ROMA. Positivi o negativi che siano, i campioni molecolari dei giocatori della Lazio continuano ad entrare in nuovi laboratori: saranno infatti riprocessati oggi, per ordine e con la supervisione...

ROMA. Positivi o negativi che siano, i campioni molecolari dei giocatori della Lazio continuano ad entrare in nuovi laboratori: saranno infatti riprocessati oggi, per ordine e con la supervisione della Procura di Avellino, i tamponi effettuati venerdì scorso dal laboratorio Futura Diagnositica del capoluogo irpino sui calciatori di Simone Inzaghi. Dalla difesa di Walter Taccone, fondatore del laboratorio e padre di Massimiliano, iscritto dai pm nel registro degli indagati con l’ipotesi di reato di truffa, falso e procurata epidemia, emerge che lo stesso laboratorio aveva già fatto riprocessare quei campioni a Napoli, per sicurezza dopo le accuse di inattendibilità. Ma la procura di Avellino vuole vederci chiaro nell’incredibile altalena di positività-negatività di cui sono stati protagonisti Immobile e gli altri. Così ha nominato un suo perito, e oggi si riesaminerà tutto all’ospedale di Avellino, dopo che documenti sul caso tamponi erano stati sequestrati a Formello e nella sede di Futura Diagnostica.
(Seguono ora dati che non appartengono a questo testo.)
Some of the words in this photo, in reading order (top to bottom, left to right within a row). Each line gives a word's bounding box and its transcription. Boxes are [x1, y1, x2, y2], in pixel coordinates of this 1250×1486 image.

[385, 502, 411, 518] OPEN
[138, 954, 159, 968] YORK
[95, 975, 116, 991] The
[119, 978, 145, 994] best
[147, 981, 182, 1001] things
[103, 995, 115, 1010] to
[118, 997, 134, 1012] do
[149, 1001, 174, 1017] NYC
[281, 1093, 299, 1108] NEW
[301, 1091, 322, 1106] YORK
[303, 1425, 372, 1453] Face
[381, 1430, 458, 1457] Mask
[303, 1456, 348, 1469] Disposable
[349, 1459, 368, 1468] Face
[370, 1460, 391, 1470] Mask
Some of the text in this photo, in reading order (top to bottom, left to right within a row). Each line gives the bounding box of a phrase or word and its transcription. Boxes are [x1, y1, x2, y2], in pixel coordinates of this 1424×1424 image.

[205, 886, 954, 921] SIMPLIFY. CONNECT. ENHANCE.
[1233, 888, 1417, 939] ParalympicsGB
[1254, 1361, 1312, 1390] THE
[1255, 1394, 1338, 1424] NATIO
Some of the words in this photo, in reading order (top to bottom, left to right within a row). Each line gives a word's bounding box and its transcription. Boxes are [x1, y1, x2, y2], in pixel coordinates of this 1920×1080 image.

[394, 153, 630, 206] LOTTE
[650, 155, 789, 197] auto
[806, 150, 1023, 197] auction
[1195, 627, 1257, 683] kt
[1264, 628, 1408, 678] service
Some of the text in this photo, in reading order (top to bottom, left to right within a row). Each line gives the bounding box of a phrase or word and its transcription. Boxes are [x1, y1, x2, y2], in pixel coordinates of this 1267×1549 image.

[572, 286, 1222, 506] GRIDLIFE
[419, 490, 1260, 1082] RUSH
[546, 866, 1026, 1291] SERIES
I pm indagano per un reato che riguarda l’epidemia e le norme nazionali, ma la Procura della federcalcio vuole invece capire se la Lazio abbia seguito alla lettera il protocollo costruito per consentire lo svolgimento del campionato in sicurezza, o se sia stata vittima di un errore dei risultati da Avellino.
Difficile capire meglio, visto che anche ieri Ivo Pulcini, medico della società di Claudio Lotito, non si è presentato negli uffici Figc per la prevista audizione: ha presentato un certificato medico, che di fatto lo ha esentato. Se ne dovrebbe riparlare giovedì.